The microbiome analyses revealed distinct, region-specific community structures consistent with previous findings in cattle and other species14,39. Core bacterial families were identified for each GIT region, representing abundant, prevalent taxa that are well-suited to thrive within the GIT of feedlot cattle and likely fulfill important functions in a specific gastrointestinal ecosystem50, with Lachnospiraceae emerging as the most consistently abundant group. When core taxa were analyzed collectively across all sites, nine families met stringent prevalence and abundance criteria, suggesting they may play essential roles in maintaining GIT homeostasis. The consistent presence of Lachnospiraceae, Ruminococcaceae, Christensenellaceae, and other taxa associated with SCFA metabolism support this hypothesis regarding microbial functional conservation across regions of the GIT in high-performing feedlot steers, which may have been influenced by high-energy feedlot diets that were likely fed to these cattle41,51. SCFAs are known to contribute to both local and systemic host physiology and tissue health. Additional taxa were as being core within specific sample types, reflecting how each anatomical site supports a unique microbial niche50,52.
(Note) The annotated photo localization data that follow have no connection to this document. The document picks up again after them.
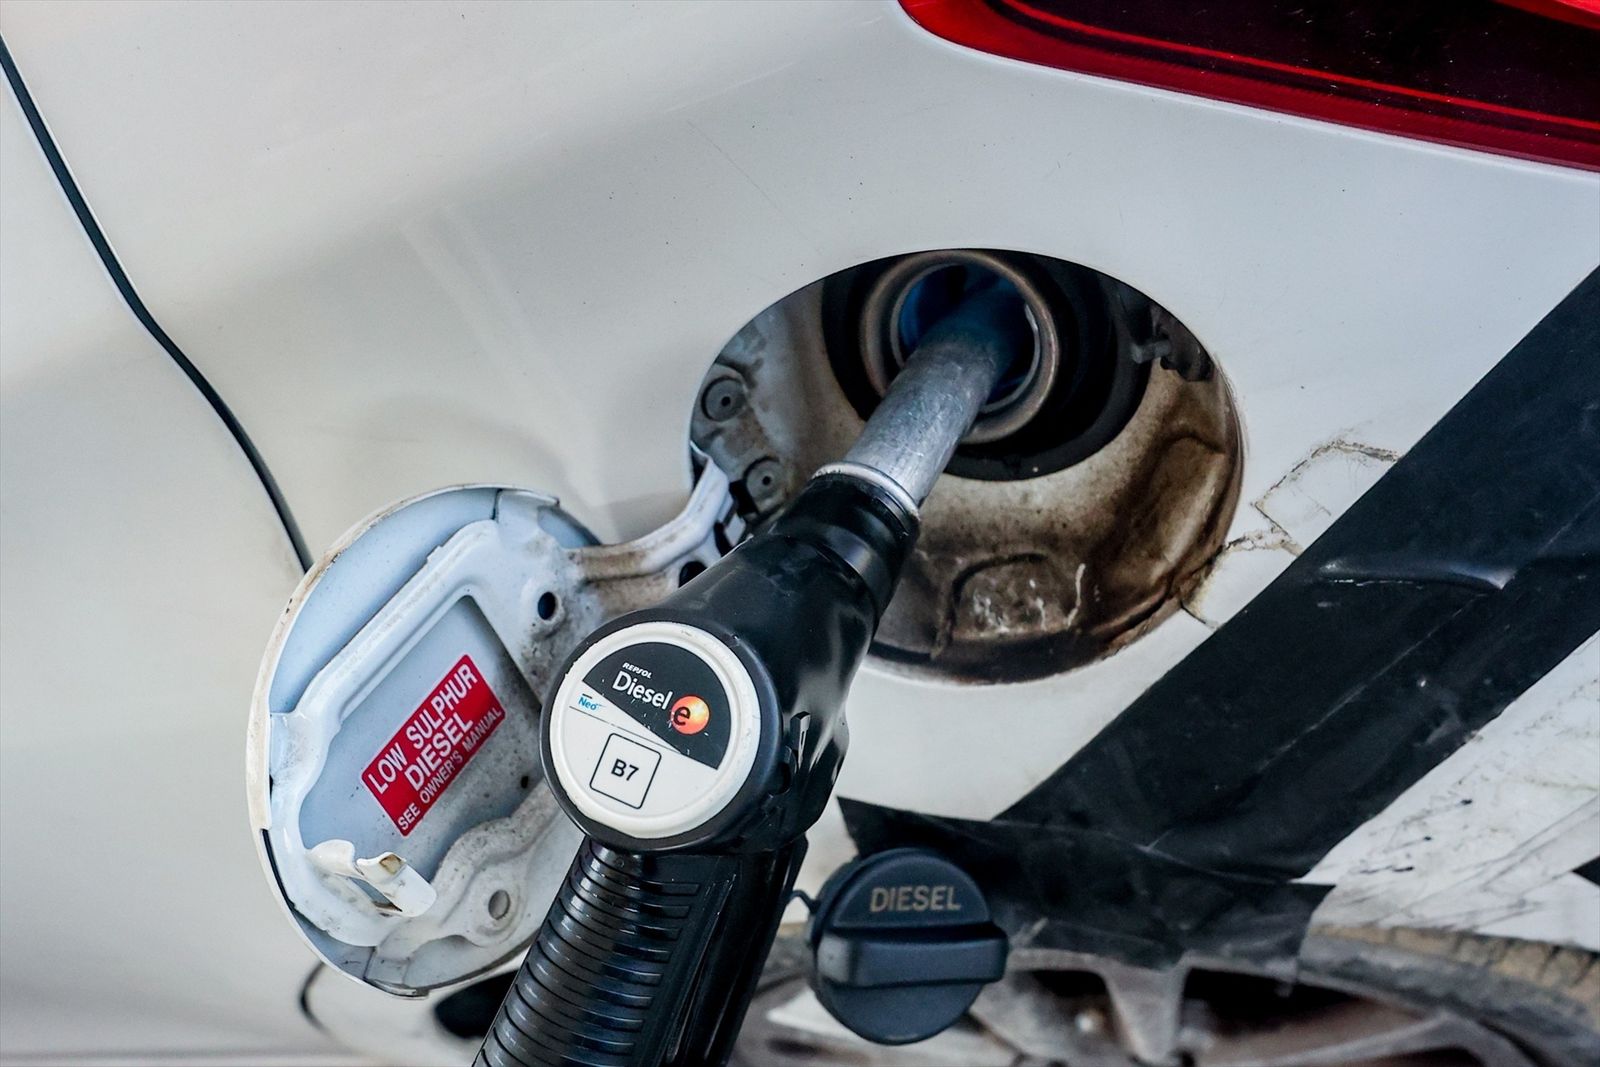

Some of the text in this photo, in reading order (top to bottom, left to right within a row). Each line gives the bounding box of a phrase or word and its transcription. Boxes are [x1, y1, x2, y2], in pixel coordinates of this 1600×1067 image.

[622, 662, 653, 679] REPSOL
[578, 696, 599, 711] Neo
[612, 670, 691, 726] Diesel e
[367, 663, 479, 795] LOW SULPHUR
[397, 706, 502, 831] SEE OWNER'S MANUAL
[404, 712, 474, 792] DIESEL
[611, 758, 640, 782] B7
[869, 885, 961, 913] DIESEL
The insight into the spatial expression of TJPs provided by IHC added further granularity to our understanding of TJPs in tissues, which was generally supported by RT-qPCR findings. Overall, TJPs were more abundant in the small and large intestines compared to the rumen, with the exception of OCLDN, which showed consistent expression across tissues. The absence of variation in OCLDN expression may indicate that while other TJPs adapt to local conditions, OCLDN fulfills a foundational role in epithelial integrity across the GIT. Differences in staining between epithelial and lamina propria (LP) regions were common and highlight the importance of evaluating distinct tissue layers. While computerized image analysis allows for high-throughput scoring, pathologist-assigned H-scores revealed regional disparities not fully captured by automated approaches. Bland–Altman plots demonstrated moderate agreement between methods and suggested that hybrid approaches—leveraging both expert evaluation and computational scoring—may offer the most robust assessment of tissue-specific protein expression32. Nonetheless, scoring algorithms likely need to separately quantify epithelial and LP regions, especially as these regions may exhibit different functional roles in barrier integrity and immune function.